Pada awalnya, rasa sakit hanya terasa ringan dan bisa reda jika diistirahatkan. Namun, banyak orang mengabaikannya karena merasa hal itu biasa. Padahal, jika tidak ditangani dengan tepat, apalagi di usia yang semakin menua, risiko komplikasi bisa meningkat.

Penanganan Lebih Lanjut 

Dengan memahami berbagai gangguan pada bahu, masyarakat diharapkan dapat lebih waspada terhadap gejala awal dan segera berkonsultasi dengan dokter sebelum kondisinya memburuk. Penanganan sejak dini tak hanya lebih efektif, tetapi juga dapat mencegah kerusakan struktur bahu yang lebih parah di kemudian hari.

Dulu, pengobatan untuk penyakit yang melibatkan otot, sendi, atau tulang kerap dianggap menakutkan dan menyakitkan. Namun, seiring kemajuan ilmu kedokteran, kini tersedia beragam pilihan pengobatan yang lebih canggih, efektif, dan minim risiko. Mulai dari terapi non-bedah, tindakan bedah berbasis teknologi mutakhir, hingga program rehabilitasi yang terintegrasi, semuanya dirancang untuk menunjang pemulihan secara menyeluruh.

Fokus utama dari pendekatan medis modern ini adalah meningkatkan kualitas hidup pasien melalui diagnosis yang tepat, intervensi yang aman, serta penanganan yang nyaman. 

RS Premier Bintaro menjadi salah satu rumah sakit yang mengedepankan layanan ortopedi berbasis teknologi terkini dan praktik berbasis bukti (evidence-based practice). Dengan pendekatan multidisiplin yang holistik, rumah sakit ini berkomitmen menghadirkan perawatan yang tidak hanya efektif, tetapi juga mengutamakan keselamatan dan kenyamanan pasien.

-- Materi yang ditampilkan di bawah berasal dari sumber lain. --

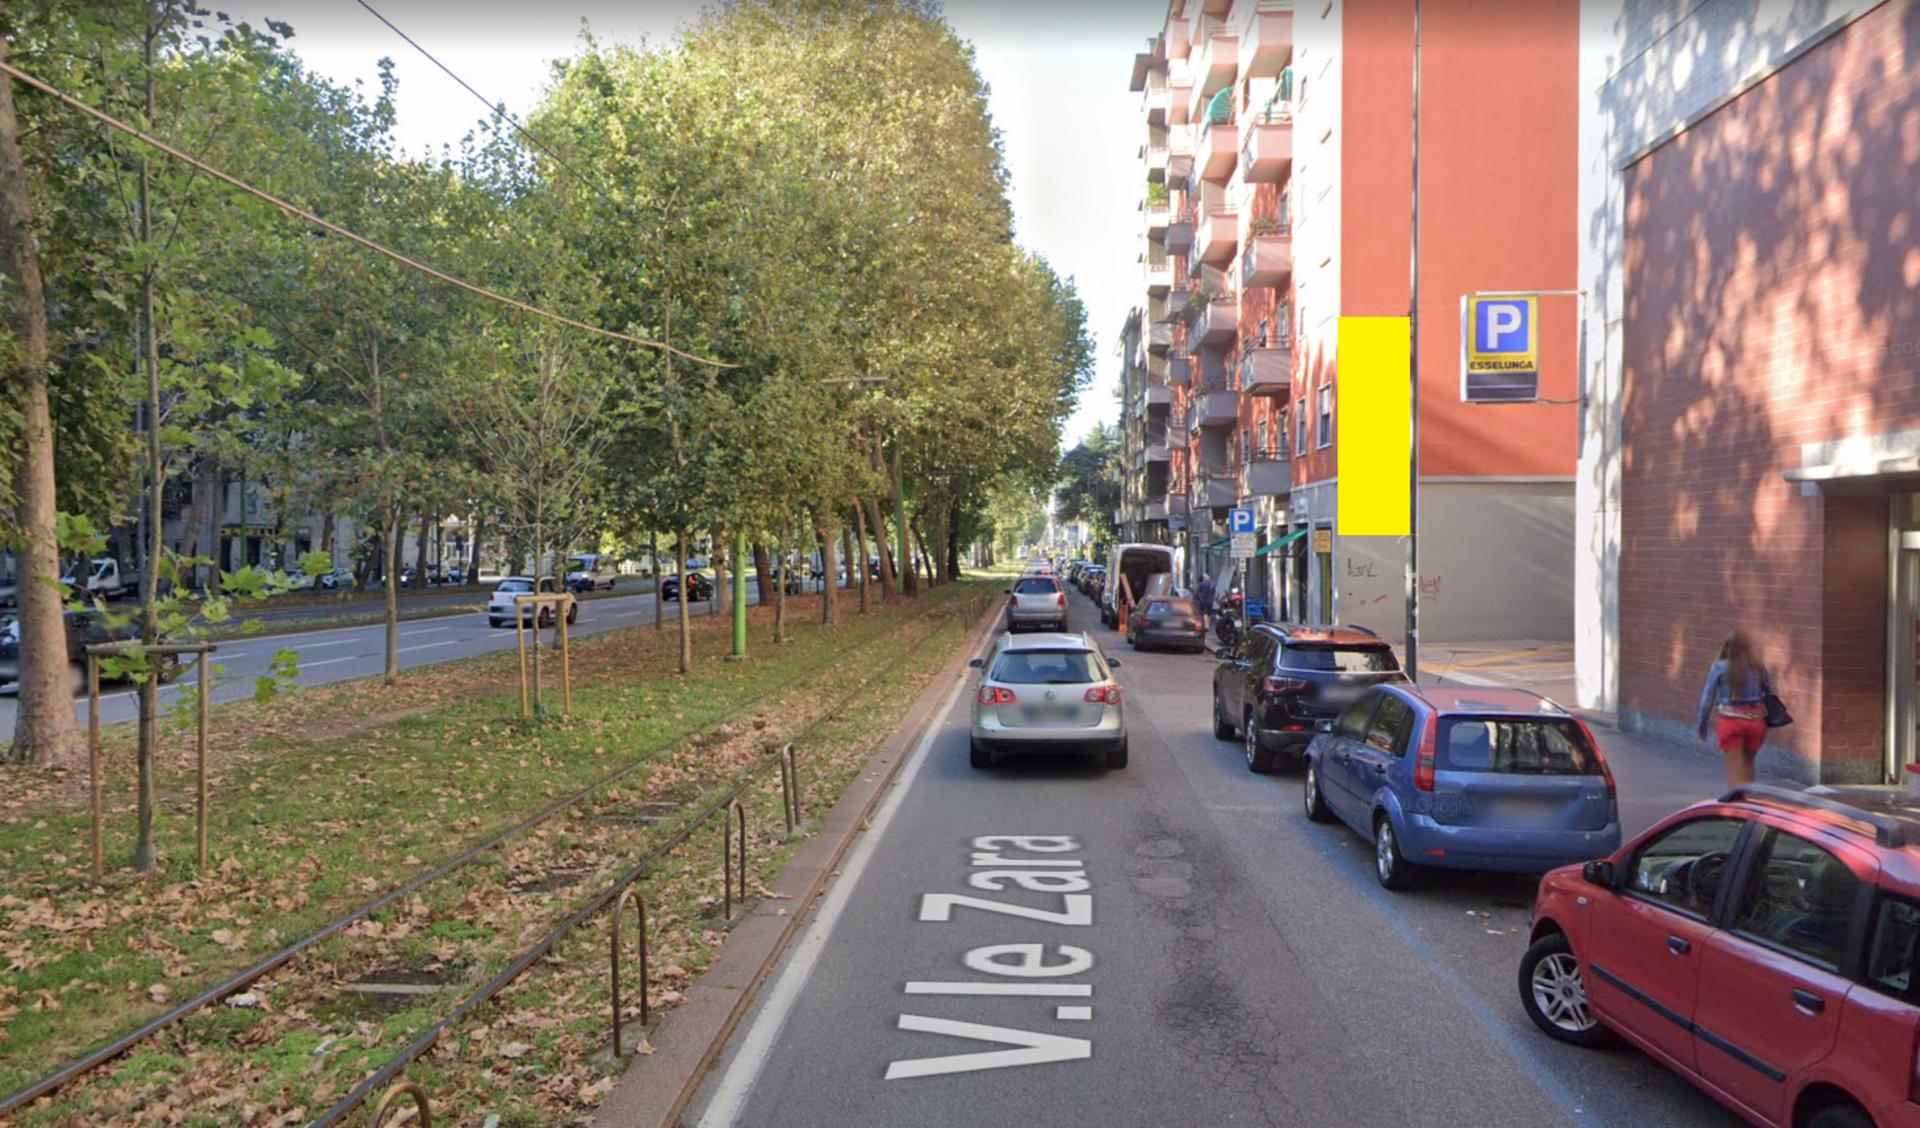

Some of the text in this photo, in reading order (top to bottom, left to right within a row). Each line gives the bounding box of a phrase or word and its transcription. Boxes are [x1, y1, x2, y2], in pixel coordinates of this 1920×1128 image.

[1487, 304, 1522, 349] P
[1469, 360, 1534, 370] ESSELUNGA
[1234, 511, 1250, 531] P
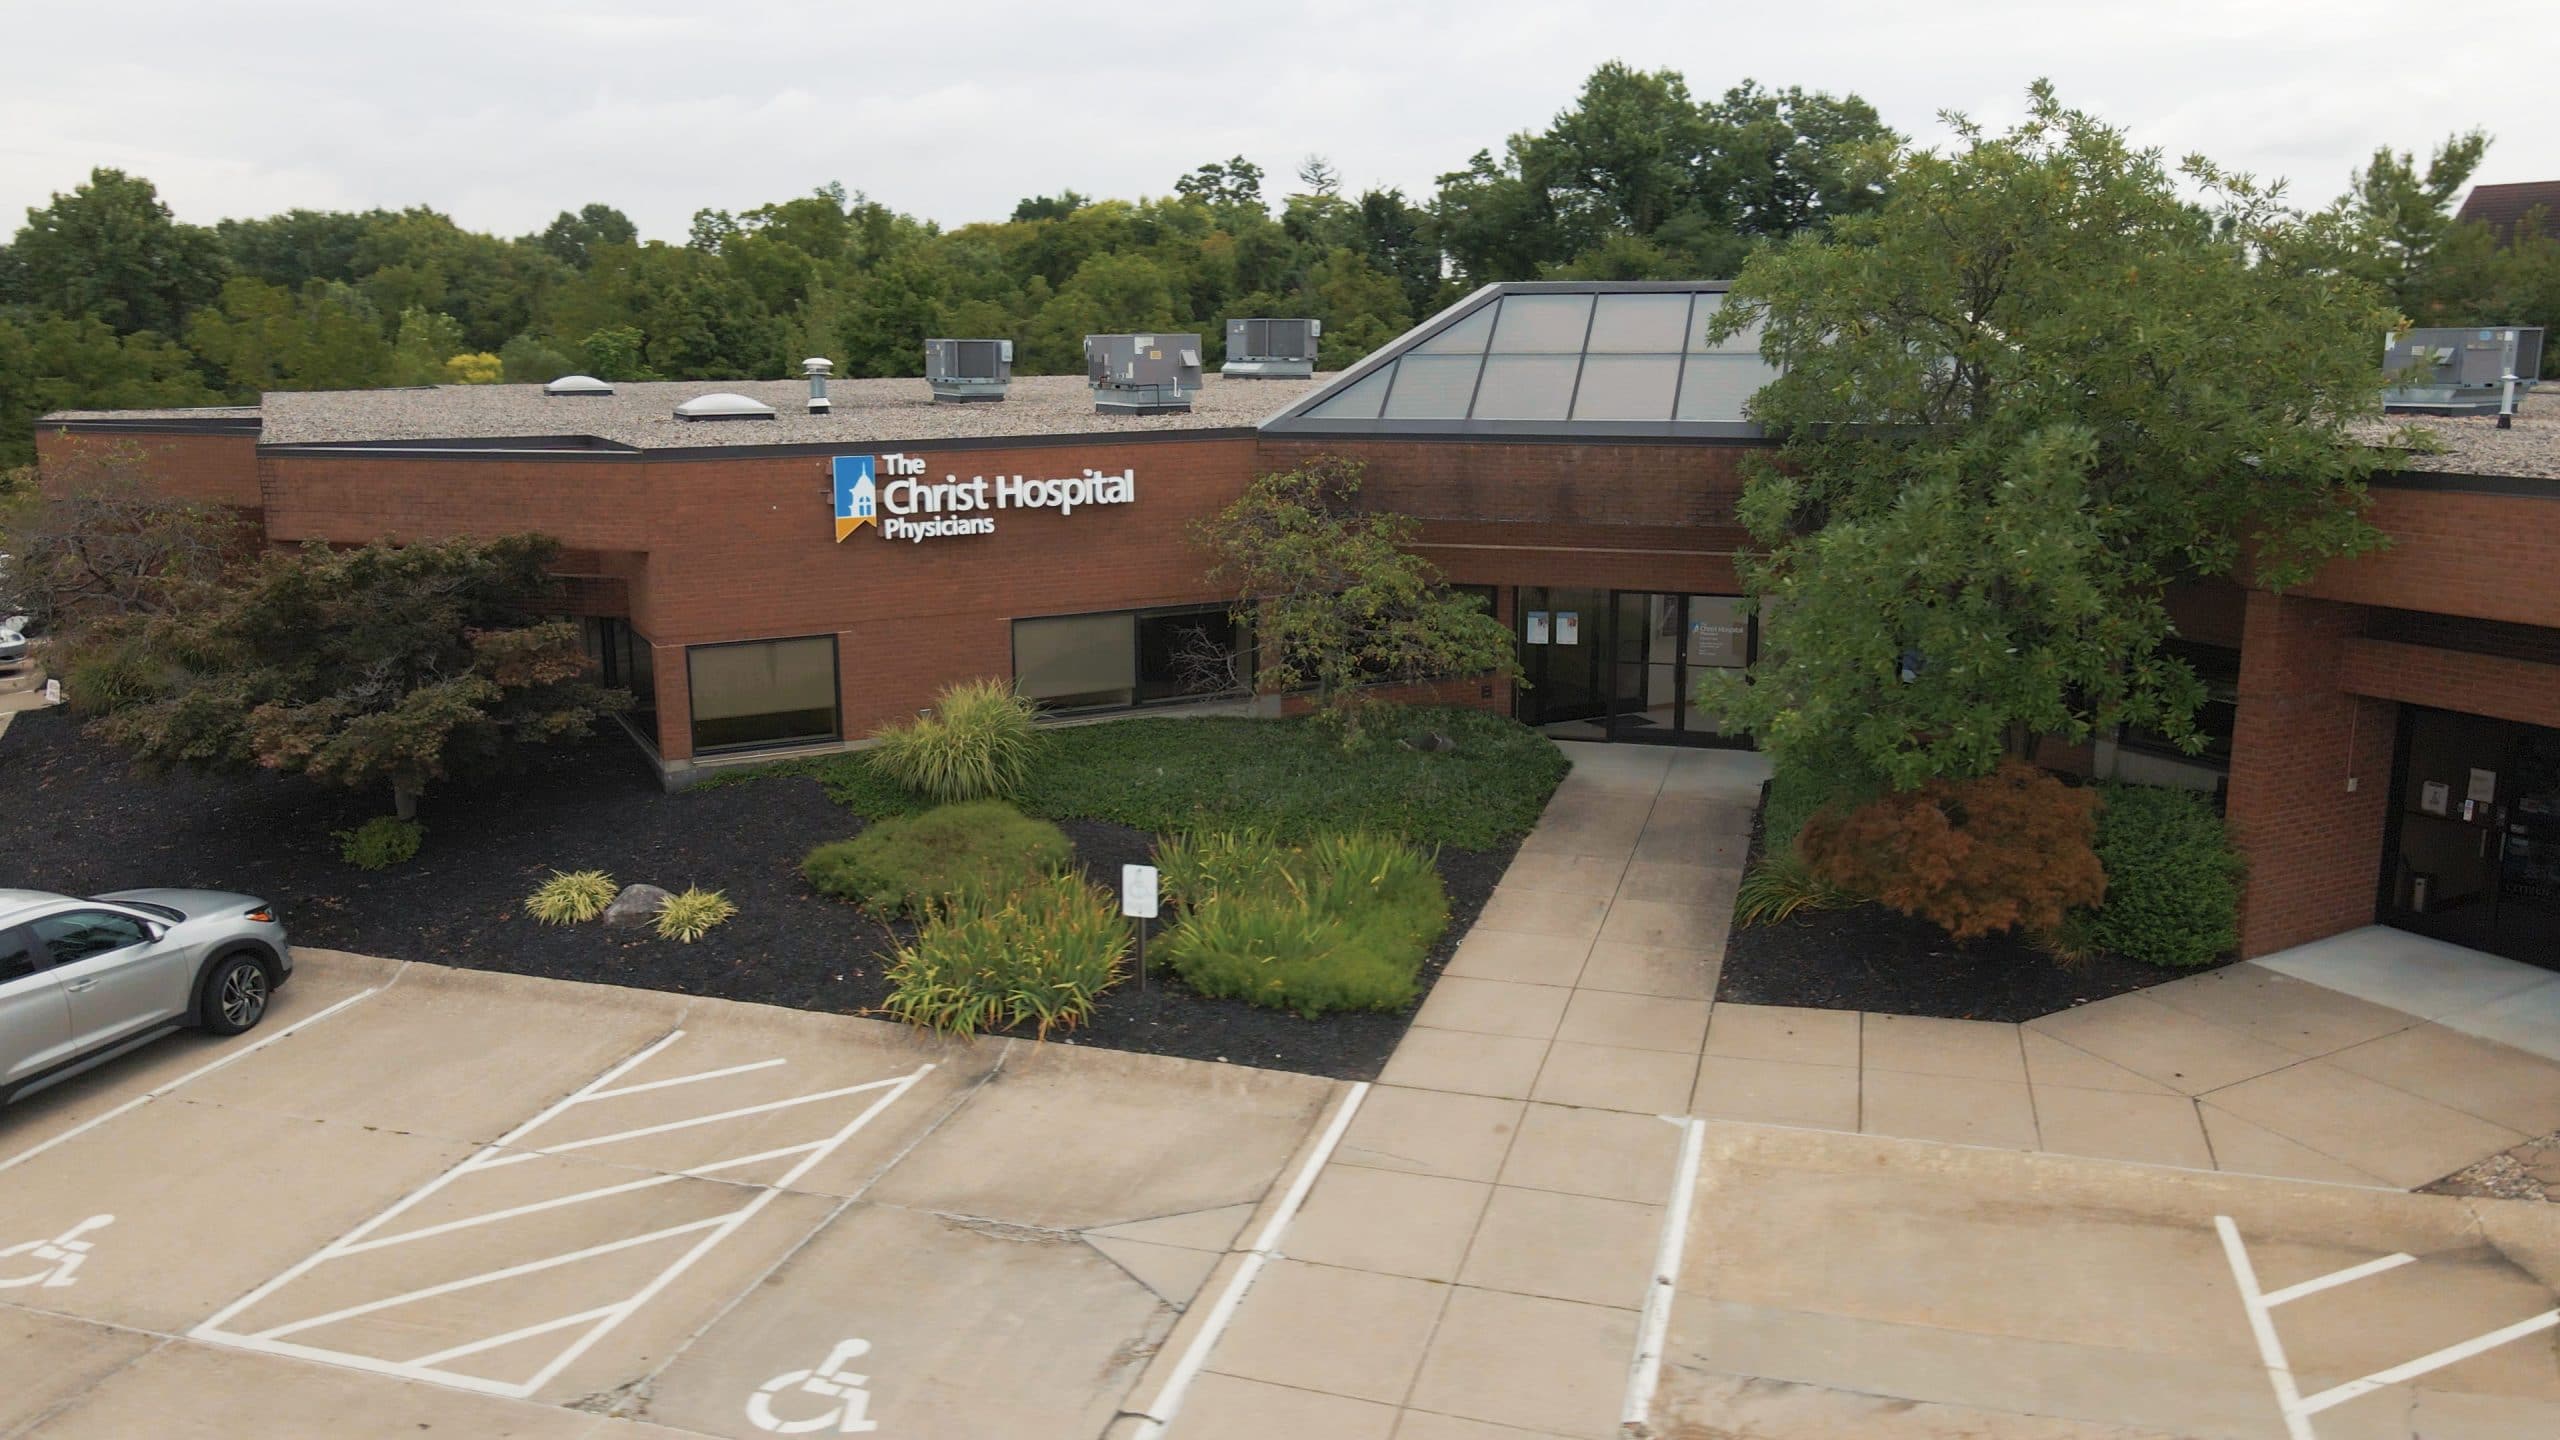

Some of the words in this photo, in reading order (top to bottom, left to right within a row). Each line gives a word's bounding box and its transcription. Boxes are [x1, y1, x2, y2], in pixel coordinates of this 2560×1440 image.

dr. Jefry juga menekankan bahwa penanganan gangguan bahu sebaiknya tidak hanya difokuskan pada meredakan gejala, tetapi juga menyasar akar permasalahannya. 

Untuk itu, berbagai metode modern kini tersedia mulai dari artroskopi bahu yang minim invasif, penggunaan platelet-rich plasma (PRP) untuk membantu regenerasi jaringan, hingga pemanfaatan teknologi pencitraan berpresisi tinggi guna menunjang diagnosis yang lebih akurat sejak dini.